Experts: Gold Tokenization to Create “Fungible Currency No Politician Can Print”
“My vision is that people are using their phones or their watches to pay for a cup of coffee with a gold token," said Tom Palmer, CEO of Newmont.
The gold industry is currently developing the first digital gold token. Underpinned by the World Gold Council’s (WGC) responsible practises framework, the hope is to revolutionize the currency space with fungible gold.
At this year’s Gold Forum Americas, held in Colorado Springs from September 18 to 21, one of the most anticipated presentations was a panel discussion with the CEOs of leading gold-producing companies.
Led by WGC CEO David Tait, it focused on the Gold247 initiative. This effort from the WGC to digitize gold encompasses three areas: integrity, accessibility and fungibility — all of which were discussed by the panelists.
For Randy Smallwood, tokenization provides an opportunity to appeal to new investors. The CEO explained that he realized this glaring need when his daughter told him she was using stablecoins to store value.
“It just became readily apparent — we have some work to do to attract the next generation of gold investors and the generations after that,” said Smallwood, who is CEO of Wheaton Precious Metals (TSX:WPM,NYSE:WPM) and chairman of the WGC. “We need to modernize how people trade in gold and own gold, and utilize gold as a store of value, as a measure of value.”
For Sandeep Biswas, CEO of Newcrest Mining (TSX:NCM,ASX:NCM), the transparency introduced through the integration of blockchain is pivotal. “In gold we’re really behind the eight ball, with 48 percent of retail investors citing that lack of trust as why they're not prepared to invest in gold,” he told conference attendees.
This is where Biswas believes the WGC's existing partnership with the London Bullion Market is especially critical for establishing an international system for gold bar integrity that fosters trust and transparency. “The gold bar integrity program is a key pillar of Gold247, along with accessibility and fungibility, (and) it is really, really key to get that right.”
Gold token draws ETF comparisons
Continuing the panel, Tait asked Mark Bristow how the industry can entice new investors. He cited the emergence of gold exchange-traded funds (ETFs) in the early 2000s as proof that investors need new instruments.
“Everyone was arguing about what (gold ETFs were) going to do to the equities, but it transformed the market,” said the CEO of Barrick Gold (TSX:ABX,NYSE:GOLD). “And it allowed people access to gold exposure in a more transparent way.”
The executive pointed to the WGC’s responsible gold-mining principles, which are part of the Gold247 rubric, as a major draw for ESG-minded market participants; another large draw is the standardization that a digital token would provide the gold market.

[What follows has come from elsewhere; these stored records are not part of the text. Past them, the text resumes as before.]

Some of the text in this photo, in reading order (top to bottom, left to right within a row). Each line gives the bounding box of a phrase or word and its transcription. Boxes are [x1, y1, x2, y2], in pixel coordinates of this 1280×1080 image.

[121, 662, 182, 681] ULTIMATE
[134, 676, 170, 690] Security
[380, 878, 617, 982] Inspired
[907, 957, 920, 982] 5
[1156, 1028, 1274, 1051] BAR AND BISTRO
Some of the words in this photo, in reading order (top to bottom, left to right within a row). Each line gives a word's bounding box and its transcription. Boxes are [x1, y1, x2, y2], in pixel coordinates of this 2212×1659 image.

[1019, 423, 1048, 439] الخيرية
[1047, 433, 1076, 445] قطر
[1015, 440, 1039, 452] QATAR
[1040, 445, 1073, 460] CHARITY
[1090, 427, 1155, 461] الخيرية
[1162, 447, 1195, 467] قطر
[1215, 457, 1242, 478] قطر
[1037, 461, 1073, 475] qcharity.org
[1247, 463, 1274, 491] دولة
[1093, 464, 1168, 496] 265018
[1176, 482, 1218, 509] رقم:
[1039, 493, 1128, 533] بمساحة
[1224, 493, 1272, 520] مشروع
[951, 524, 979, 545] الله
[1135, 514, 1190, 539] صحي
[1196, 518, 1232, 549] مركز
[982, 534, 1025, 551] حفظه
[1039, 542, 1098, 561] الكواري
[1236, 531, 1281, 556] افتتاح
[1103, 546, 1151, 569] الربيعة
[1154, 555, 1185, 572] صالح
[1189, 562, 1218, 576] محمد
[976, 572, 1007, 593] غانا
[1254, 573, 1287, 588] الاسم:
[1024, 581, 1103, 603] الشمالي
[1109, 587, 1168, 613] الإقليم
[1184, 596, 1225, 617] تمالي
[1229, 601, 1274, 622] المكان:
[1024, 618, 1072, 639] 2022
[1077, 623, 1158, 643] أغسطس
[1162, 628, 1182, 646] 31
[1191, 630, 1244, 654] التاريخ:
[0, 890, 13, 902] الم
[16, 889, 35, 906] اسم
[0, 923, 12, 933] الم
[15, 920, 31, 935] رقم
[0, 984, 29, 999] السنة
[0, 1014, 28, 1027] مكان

“If we're going to really position gold where it should be, you've got to have a good delivery piece of gold, and we can't go ahead and create our own little fiefdoms in how we market our gold," he said. "We need to market it together in one fungible asset.”

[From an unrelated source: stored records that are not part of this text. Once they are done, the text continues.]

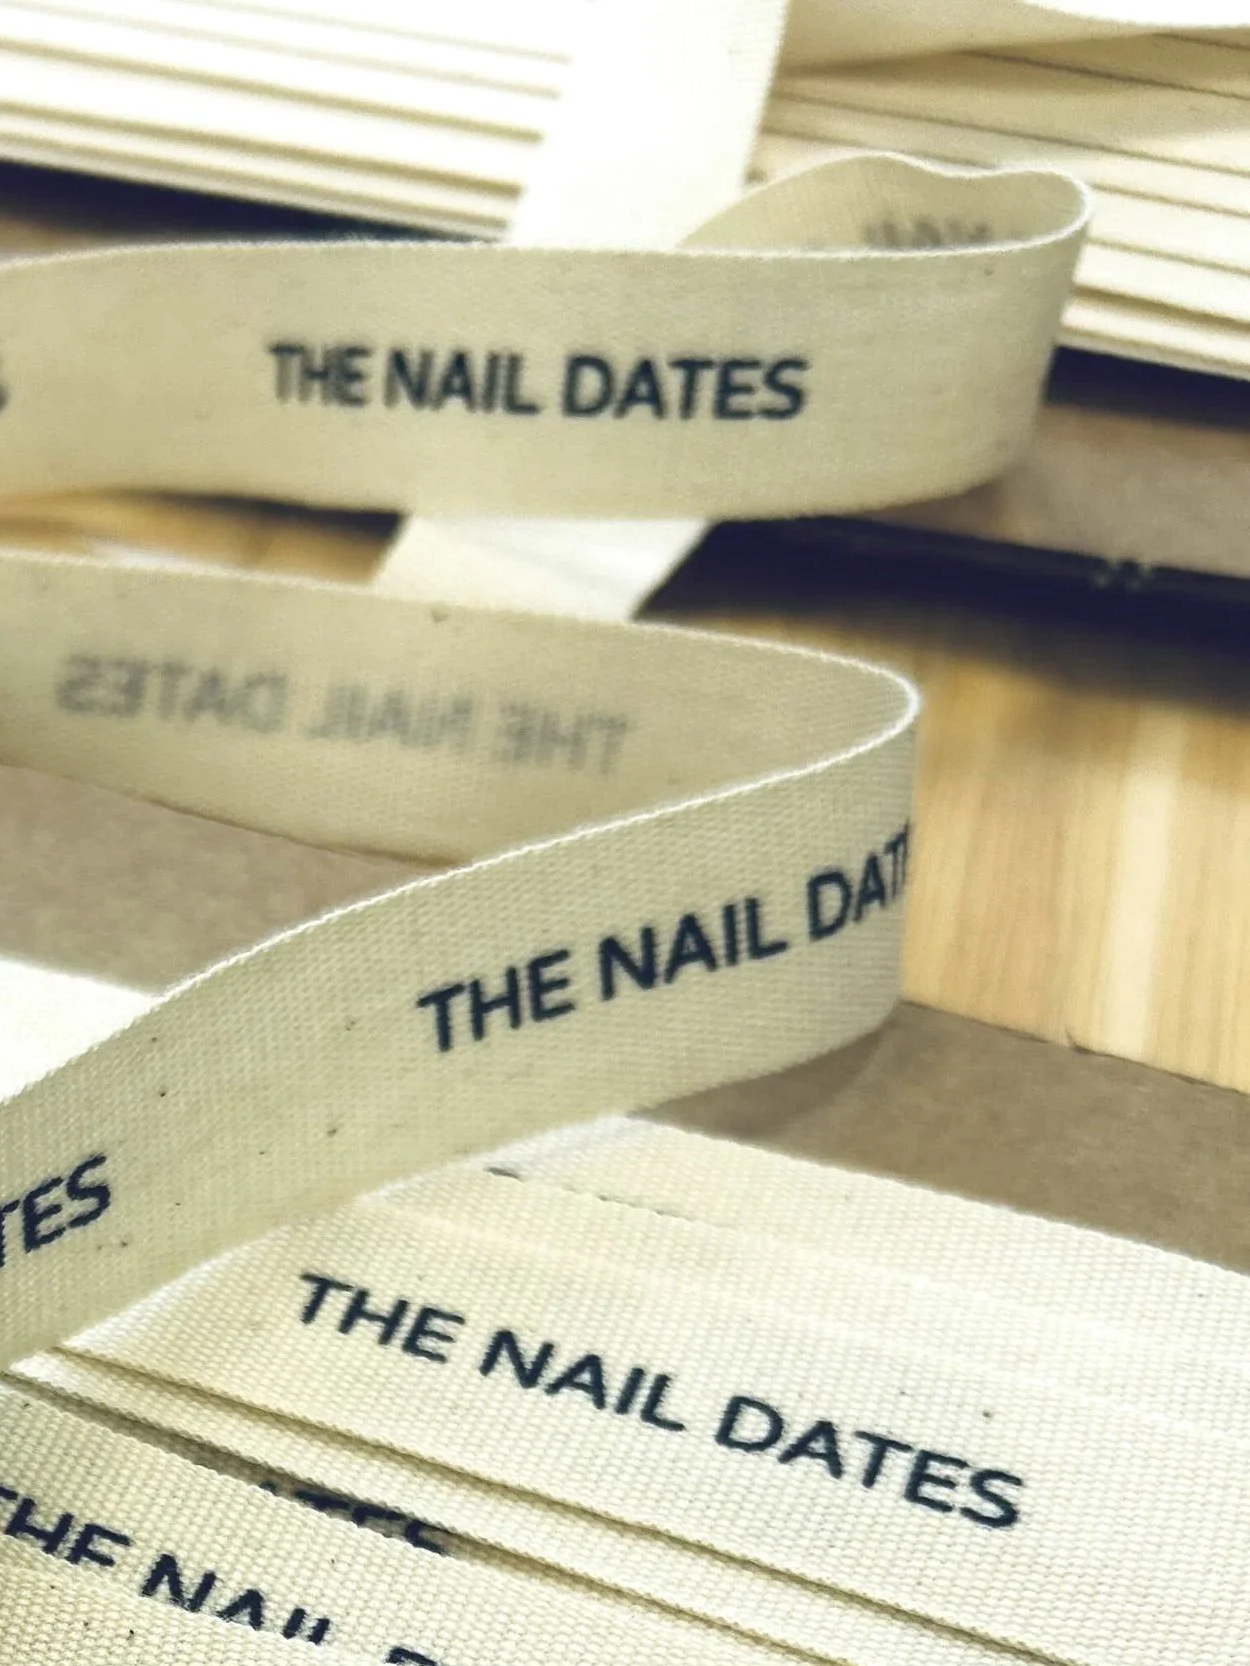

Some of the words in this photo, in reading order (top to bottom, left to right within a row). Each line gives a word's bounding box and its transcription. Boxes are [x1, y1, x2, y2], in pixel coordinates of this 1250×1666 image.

[269, 340, 372, 407] THE
[384, 348, 540, 416] NAIL
[561, 353, 809, 421] DATES
[416, 948, 575, 1053] THE
[598, 897, 789, 1001] NAIL
[300, 1271, 465, 1363] THE
[478, 1328, 686, 1431] NAIL
[713, 1395, 1024, 1529] DATES

The panelists also underscored the importance of having tokenized gold in a world of mounting economic uncertainty.
“We've seen signs of the US weaponizing the dollar, the global reserve currency,” said Bristow, adding that the need for alternative ways to store wealth has driven the rise of cryptocurrencies.
“There's no better way than gold; it's tried and tested over many, many decades,” he said. “For me, it's an exciting opportunity to participate in presenting a really fungible currency that no politician can print.”

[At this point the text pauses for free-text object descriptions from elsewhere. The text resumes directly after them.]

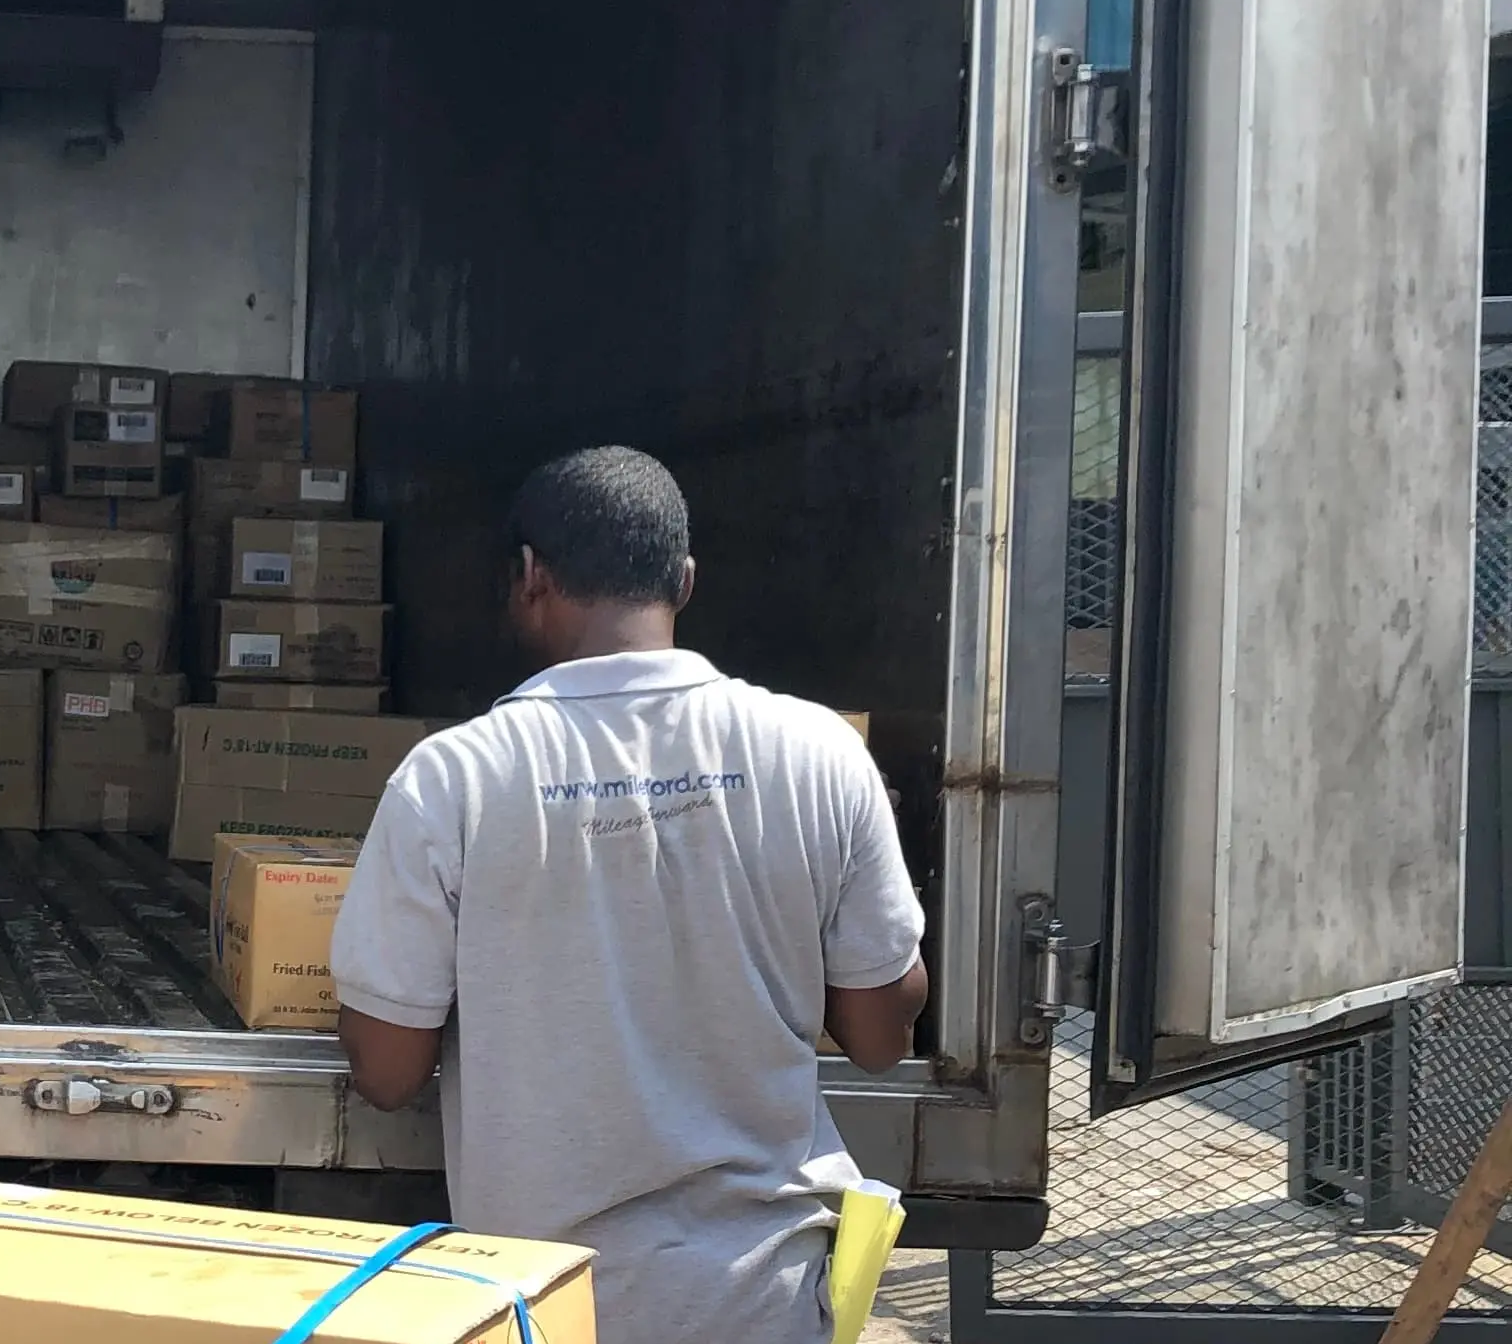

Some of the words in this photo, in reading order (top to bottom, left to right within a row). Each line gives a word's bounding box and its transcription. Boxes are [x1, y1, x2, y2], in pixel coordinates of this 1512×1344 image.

[67, 698, 107, 714] PHB
[273, 740, 329, 759] FROZEN
[332, 745, 368, 761] KEEP
[264, 869, 301, 885] Expiry
[305, 870, 338, 885] Date:
[273, 963, 304, 977] Fried
[307, 964, 331, 978] Fish
[238, 1220, 387, 1244] FROZEN
[418, 1242, 500, 1257] KEE

Digital gold could unlock new demand
New investment options are expected to also lead to an uptick in annual gold demand, which Tom Palmer, CEO of Newmont (TSX:NGT,NYSE:NEM), thinks is paramount for making gold modern.
“’(Digitalization and tokenization) are going to fundamentally change the way that gold is bought and sold,” he said. “It is going to take that process out of the dark ages. And I think it's going to lead to significant demand.”
Palmer explained that the ability to buy and sell gold instantaneously, while also being confident in how the gold is sourced, will be transformative for the gold sector.
The speed at which gold transactions will occur using blockchain will usher the metal into the 21st century and make it more appealing, said Smallwood. The WGC moved up its original 2030 target date after realizing change was needed “much sooner.”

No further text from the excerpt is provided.